### Task inputs ###

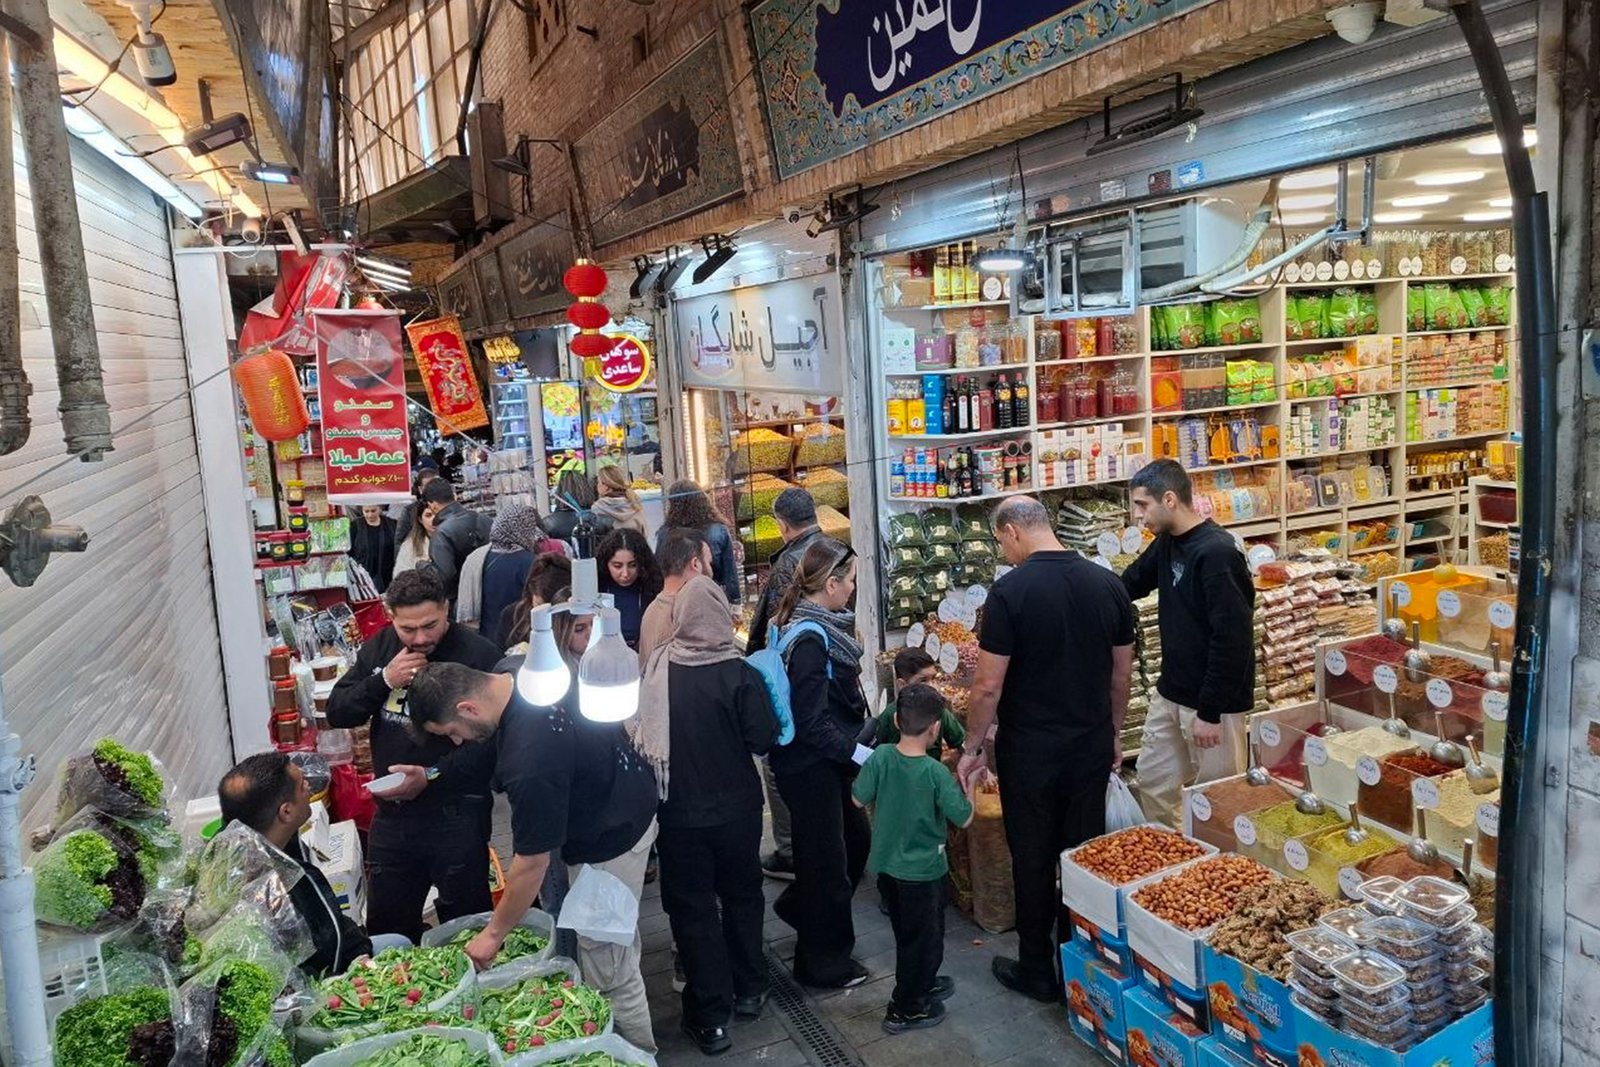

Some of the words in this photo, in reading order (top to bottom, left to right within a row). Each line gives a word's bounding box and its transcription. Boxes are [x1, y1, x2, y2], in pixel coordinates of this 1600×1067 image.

[759, 287, 828, 369] آجیل
[688, 304, 753, 369] شایگان
[600, 339, 639, 361] سوهن
[602, 362, 641, 379] ساعدی
[334, 398, 394, 412] سمنو
[361, 414, 371, 426] و
[326, 427, 364, 440] سمنو
[328, 447, 366, 471] لیلا
[366, 450, 406, 465] عمه
[361, 474, 386, 486] جوانه
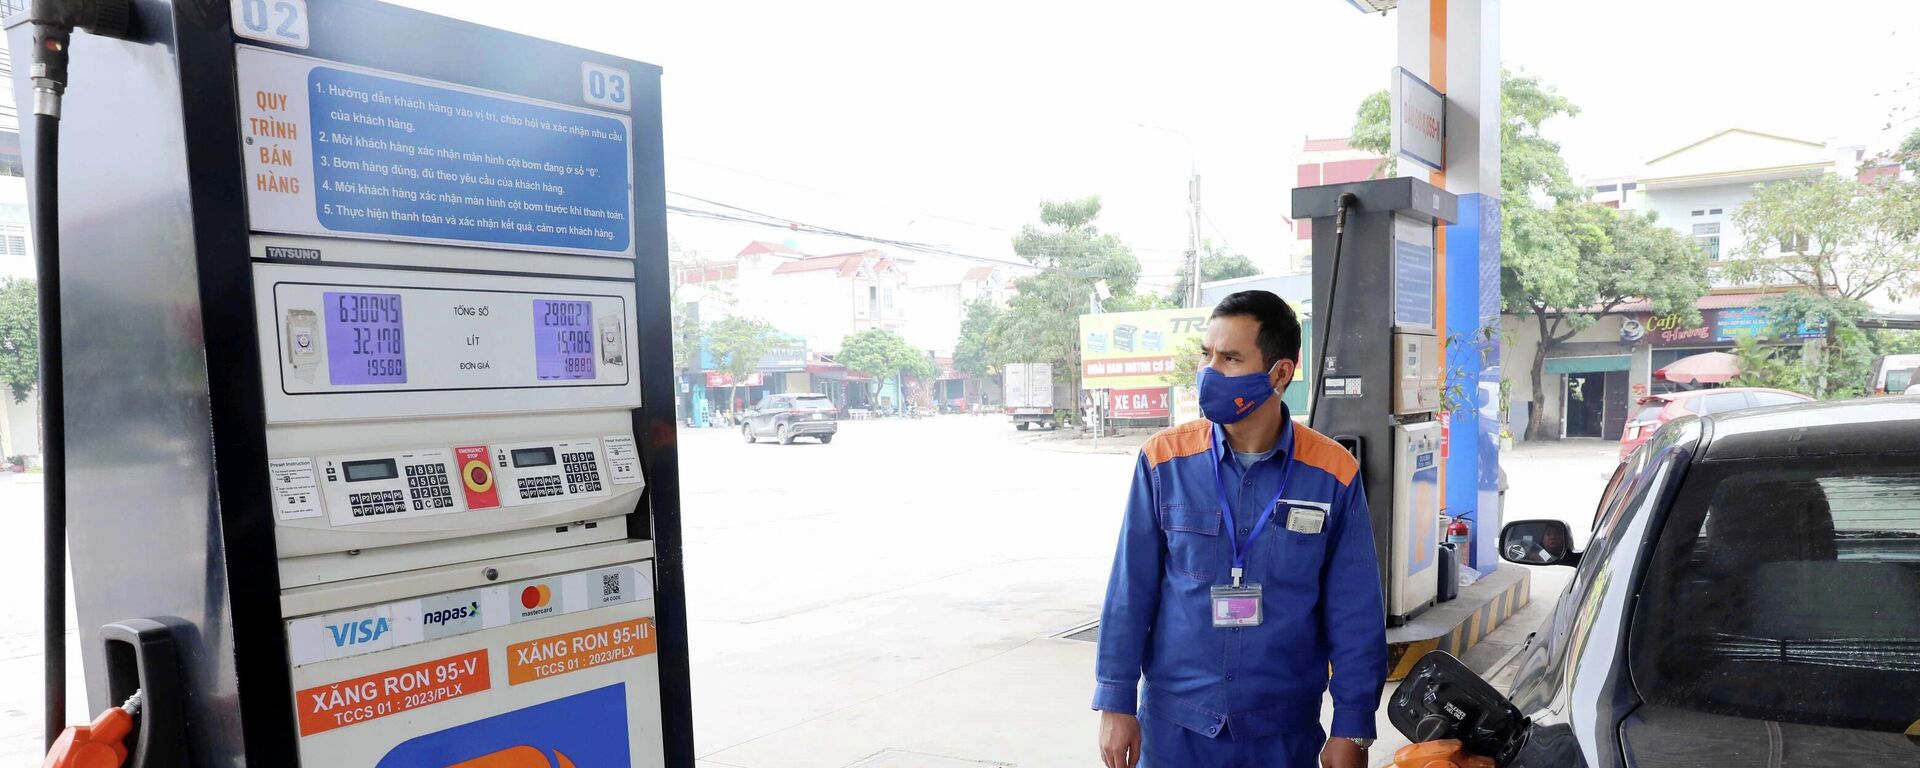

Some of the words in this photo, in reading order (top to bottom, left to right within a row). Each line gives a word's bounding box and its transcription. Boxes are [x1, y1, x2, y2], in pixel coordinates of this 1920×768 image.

###

Activity →
Give back the data exactly, with no images.

Output below →
Some of the words in this photo, in reading order (top to bottom, left to right within a row). Each line gives a word's bounding box and its transcription. Boxes are [x1, y1, x2, y2], in pixel coordinates of this 1600×1067 image.

[759, 287, 828, 369] آجیل
[688, 304, 753, 369] شایگان
[600, 339, 639, 361] سوهن
[602, 362, 641, 379] ساعدی
[334, 398, 394, 412] سمنو
[361, 414, 371, 426] و
[326, 427, 364, 440] سمنو
[328, 447, 366, 471] لیلا
[366, 450, 406, 465] عمه
[361, 474, 386, 486] جوانه

Some of the words in this photo, in reading order (top to bottom, left to right within a row). Each line gives a word's bounding box and its transcription. Boxes are [x1, y1, x2, y2], in pixel coordinates of this 1920×768 image.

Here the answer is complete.